Content starts

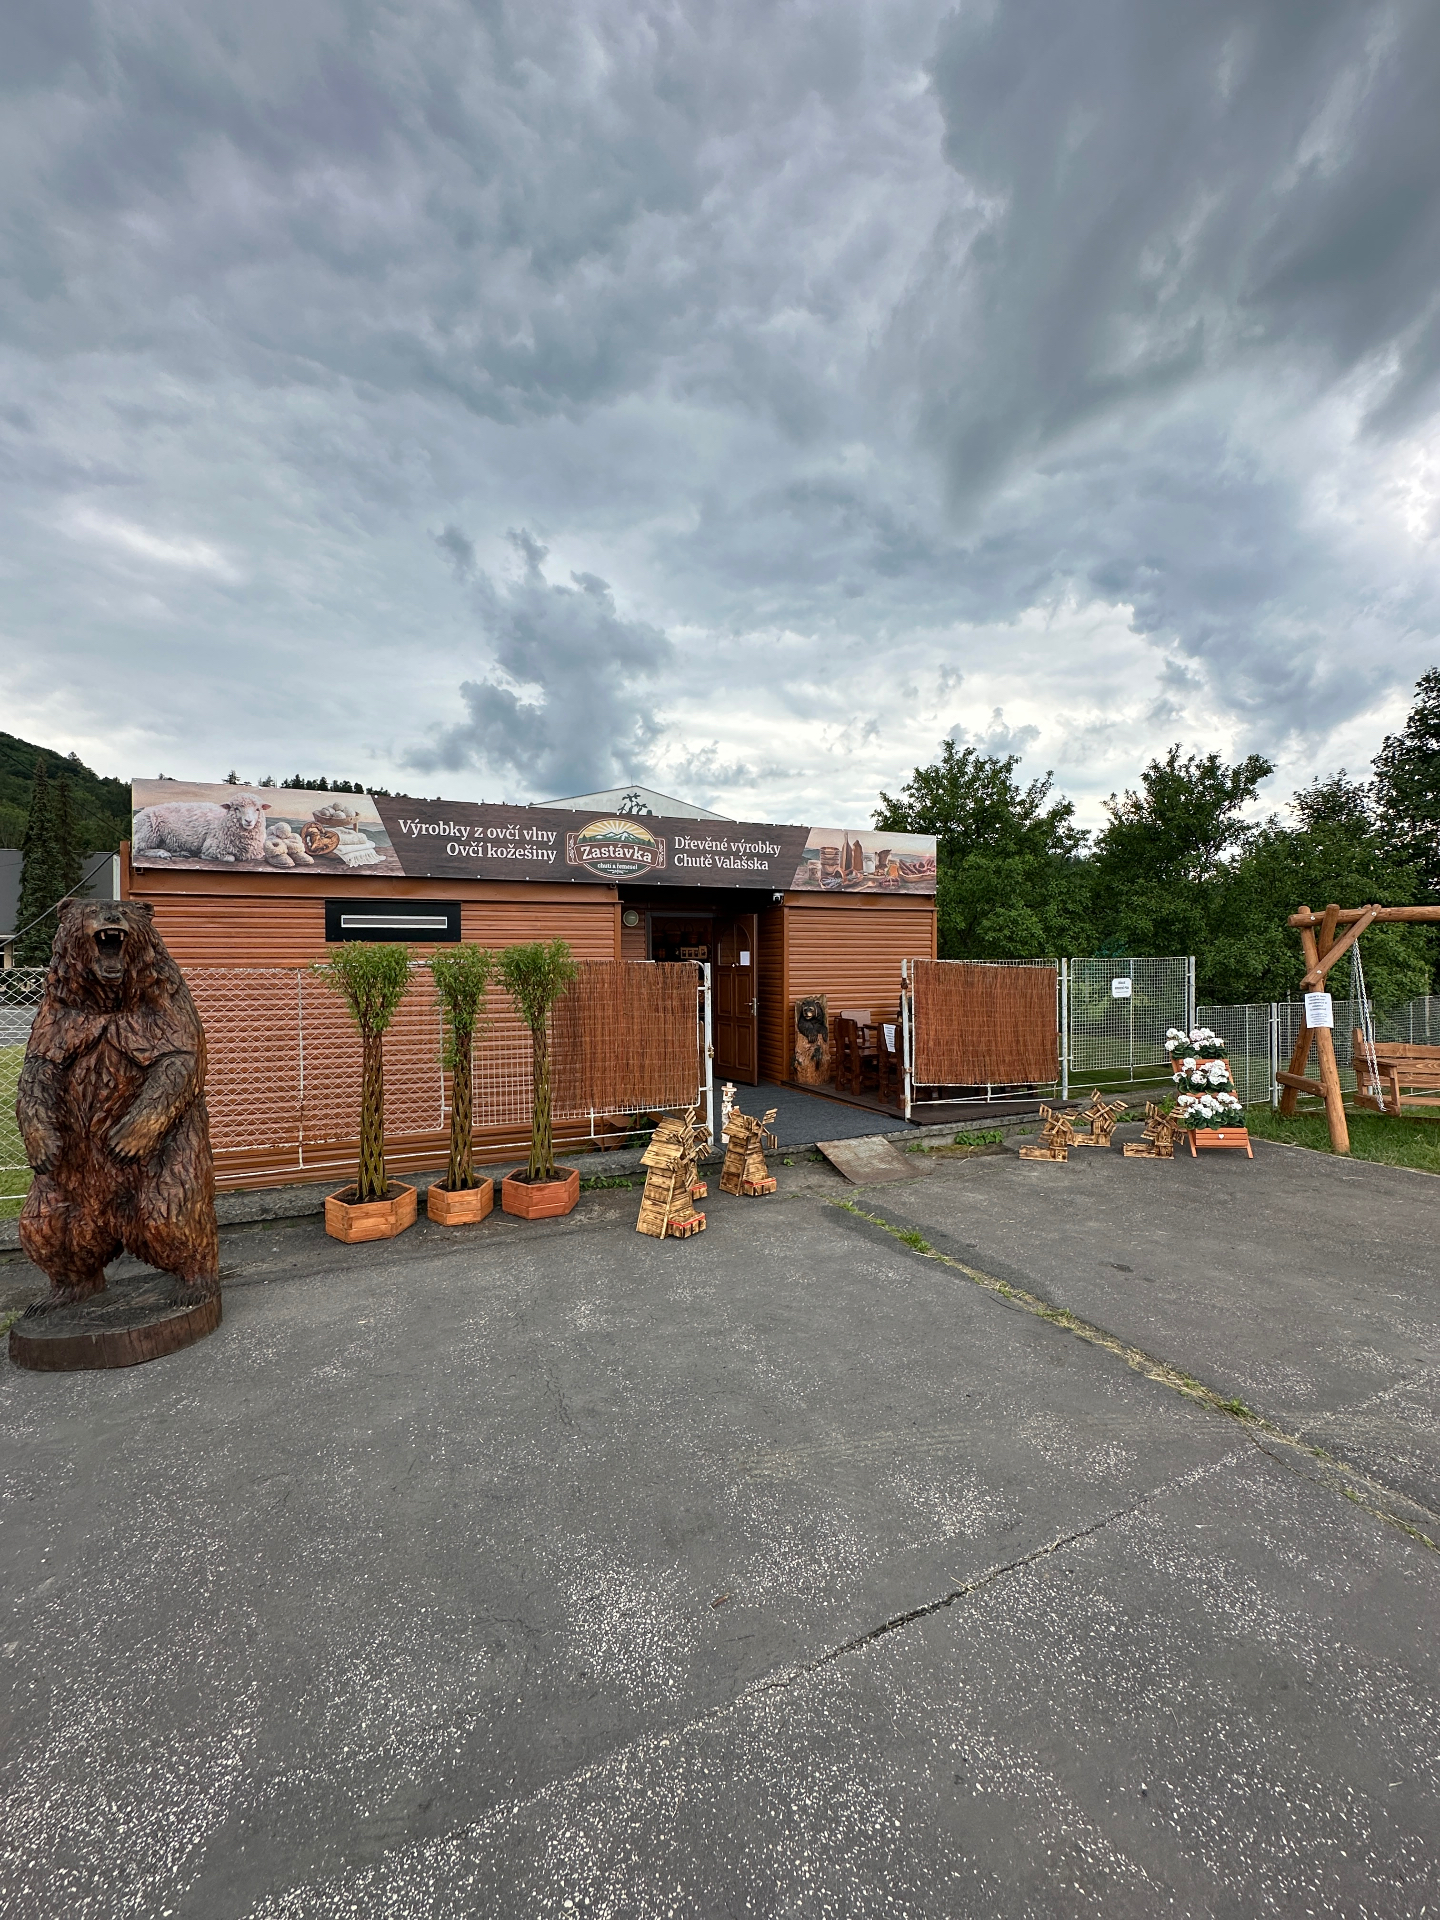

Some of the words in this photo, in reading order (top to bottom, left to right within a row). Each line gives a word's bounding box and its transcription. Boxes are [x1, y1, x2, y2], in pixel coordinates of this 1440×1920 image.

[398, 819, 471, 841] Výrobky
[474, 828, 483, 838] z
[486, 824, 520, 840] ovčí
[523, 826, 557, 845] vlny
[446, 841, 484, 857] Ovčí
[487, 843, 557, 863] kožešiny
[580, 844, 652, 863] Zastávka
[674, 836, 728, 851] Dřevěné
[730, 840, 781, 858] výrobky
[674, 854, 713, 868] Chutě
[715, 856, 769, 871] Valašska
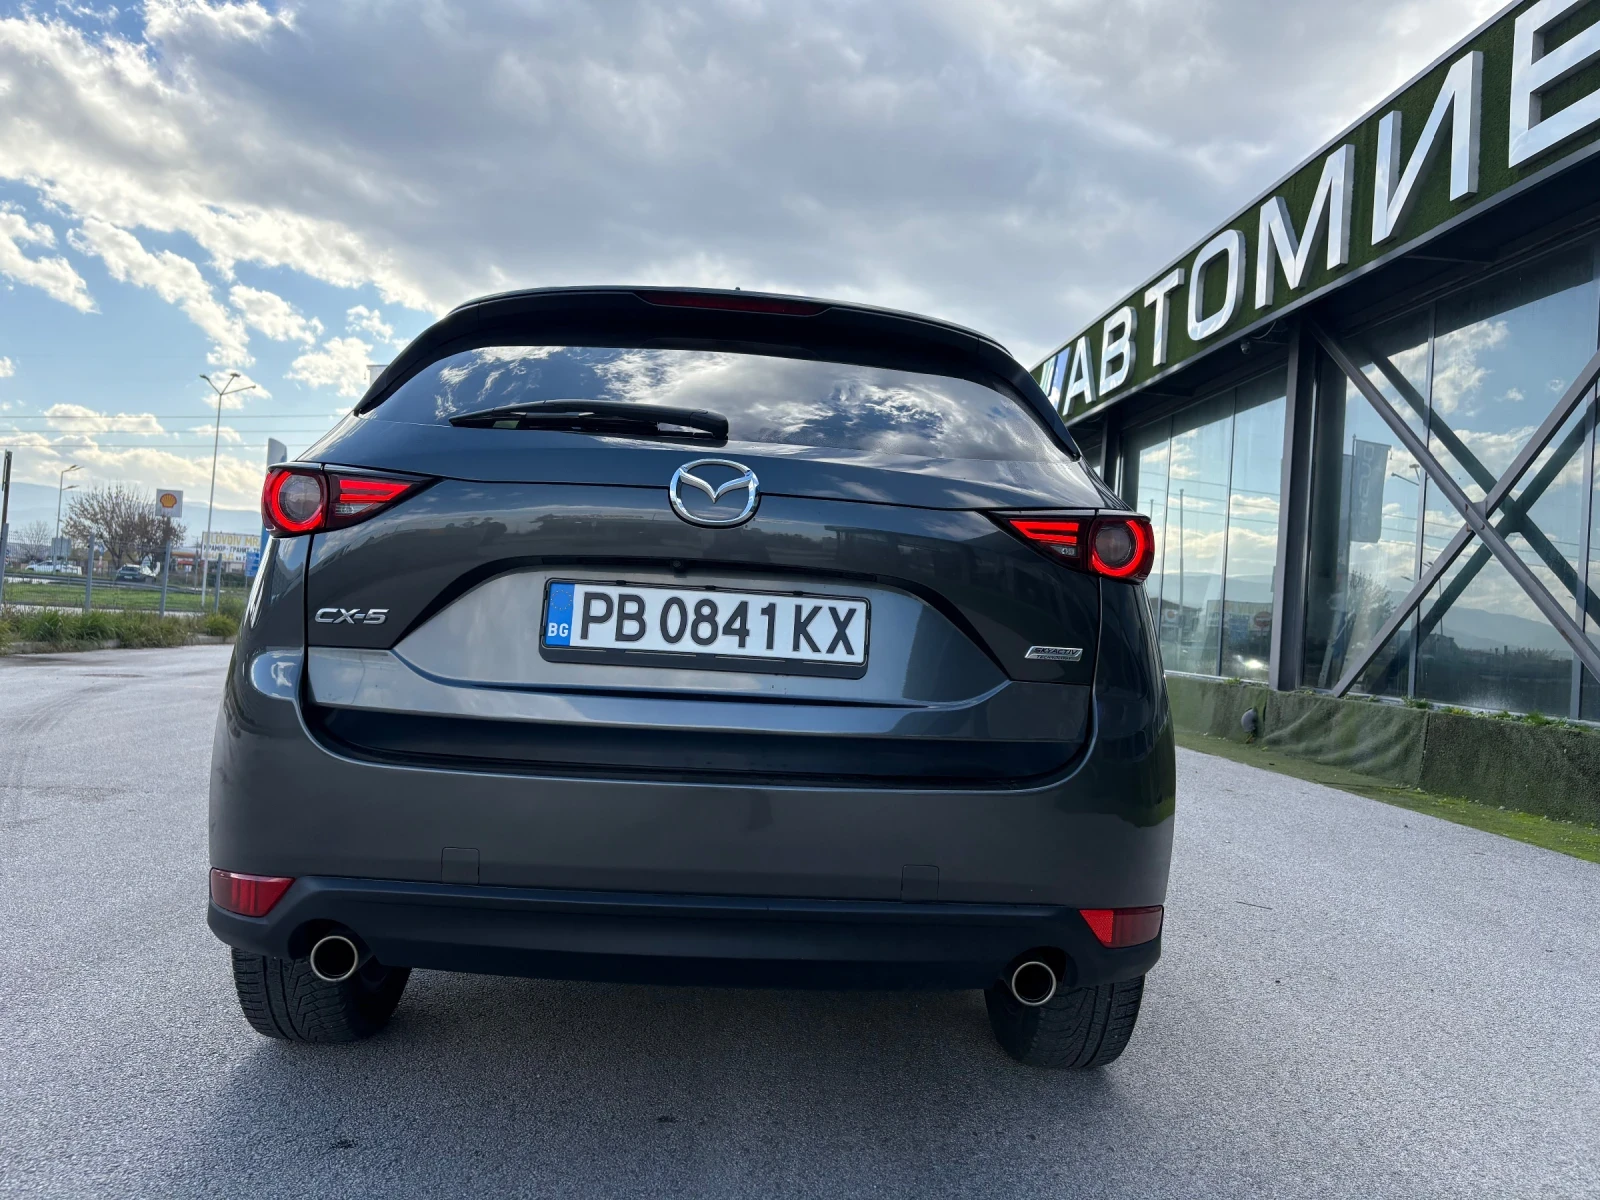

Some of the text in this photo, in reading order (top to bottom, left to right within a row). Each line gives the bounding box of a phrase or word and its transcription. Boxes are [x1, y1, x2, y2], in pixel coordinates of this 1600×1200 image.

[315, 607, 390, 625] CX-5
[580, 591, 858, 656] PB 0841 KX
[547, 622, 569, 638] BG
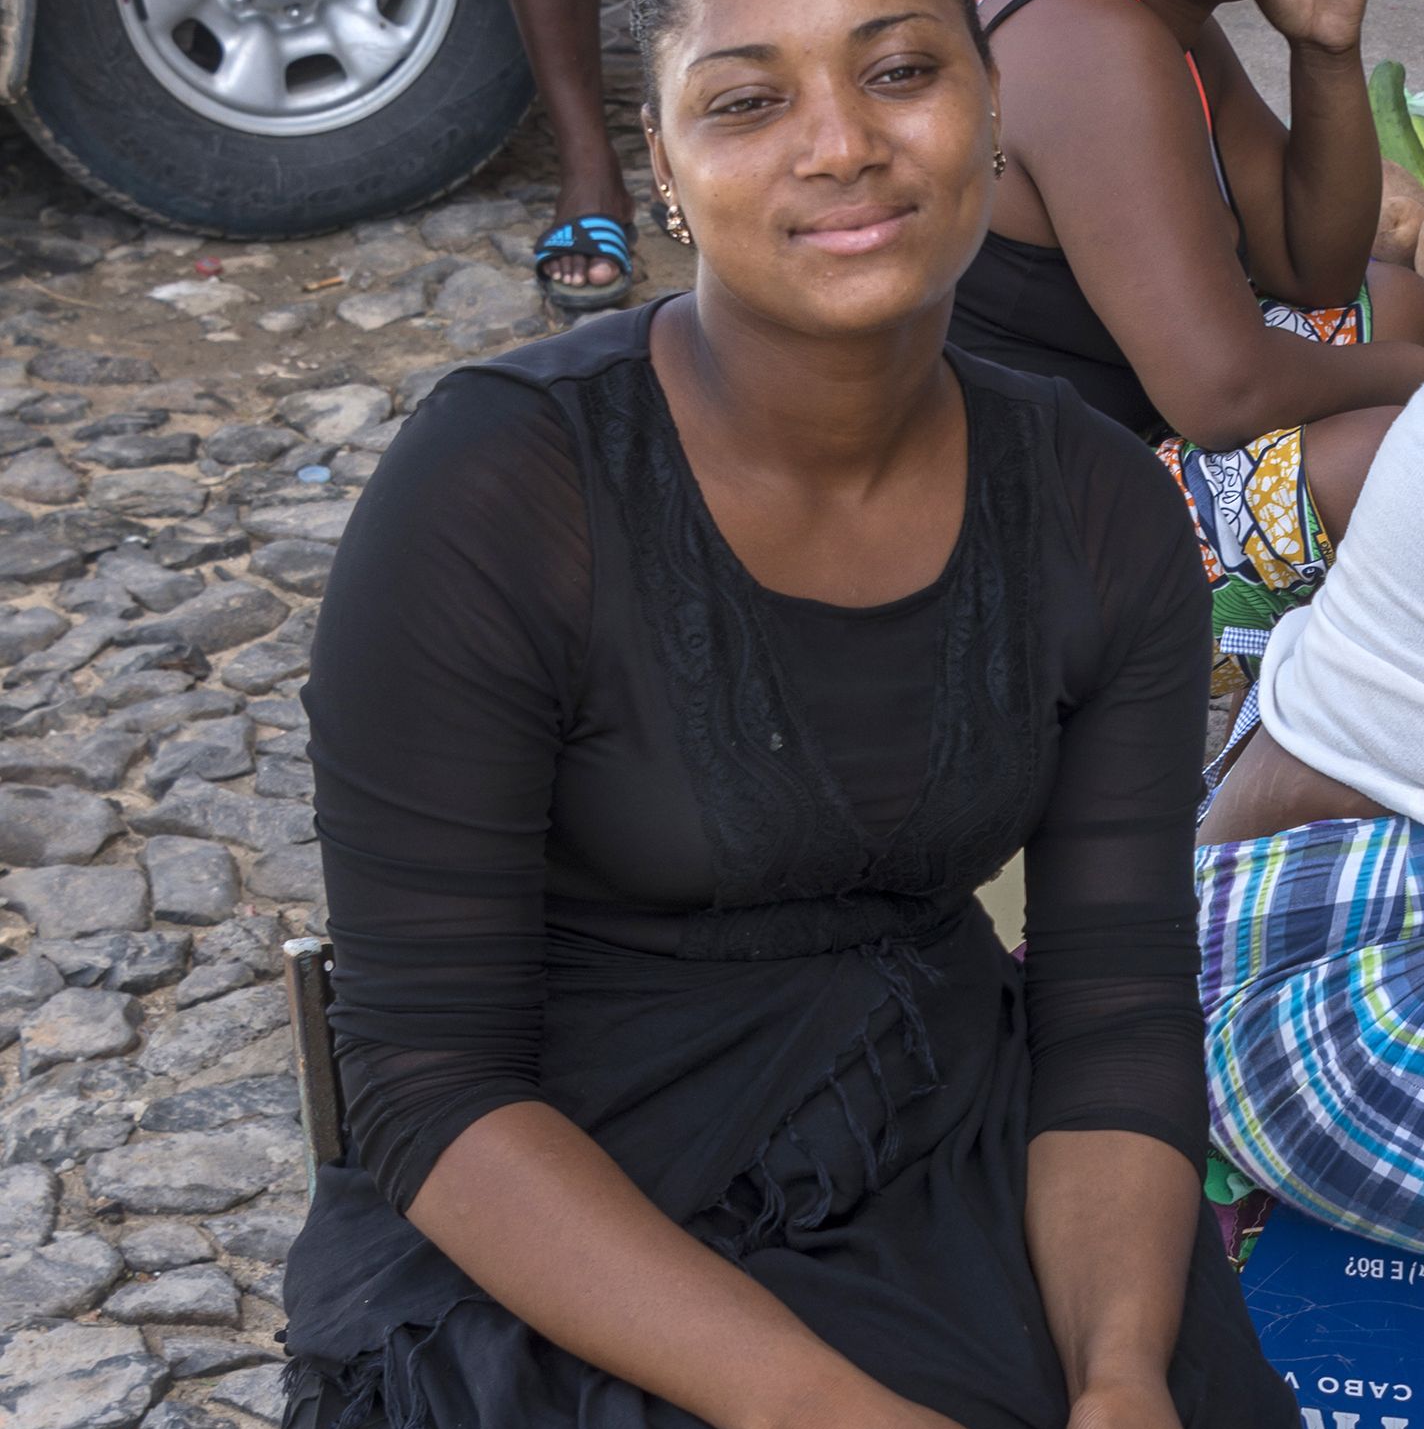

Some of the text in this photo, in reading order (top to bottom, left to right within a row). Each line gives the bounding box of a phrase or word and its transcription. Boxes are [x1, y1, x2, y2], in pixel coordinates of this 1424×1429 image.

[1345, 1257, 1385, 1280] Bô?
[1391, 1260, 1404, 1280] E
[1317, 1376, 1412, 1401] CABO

Content ends

Task to complete: When you retype the material above, copy each line exactly and drop whatever images appear in it.

Problem solution:
Some of the words in this photo, in reading order (top to bottom, left to right within a row). Each line gives a word's bounding box and its transcription. Boxes are [x1, y1, x2, y2], in pixel coordinates of this 1440×1920 image.

[398, 819, 471, 841] Výrobky
[474, 828, 483, 838] z
[486, 824, 520, 840] ovčí
[523, 826, 557, 845] vlny
[446, 841, 484, 857] Ovčí
[487, 843, 557, 863] kožešiny
[580, 844, 652, 863] Zastávka
[674, 836, 728, 851] Dřevěné
[730, 840, 781, 858] výrobky
[674, 854, 713, 868] Chutě
[715, 856, 769, 871] Valašska

Some of the text in this photo, in reading order (top to bottom, left to right within a row). Each line gives the bounding box of a phrase or word and its transcription. Boxes are [x1, y1, x2, y2], in pixel coordinates of this 1600×1200 image.

[315, 607, 390, 625] CX-5
[580, 591, 858, 656] PB 0841 KX
[547, 622, 569, 638] BG

Some of the text in this photo, in reading order (top to bottom, left to right within a row). Each line gives the bounding box of a phrase or word and its transcription. Boxes are [x1, y1, x2, y2], in pixel coordinates of this 1424×1429 image.

[1345, 1257, 1385, 1280] Bô?
[1391, 1260, 1404, 1280] E
[1317, 1376, 1412, 1401] CABO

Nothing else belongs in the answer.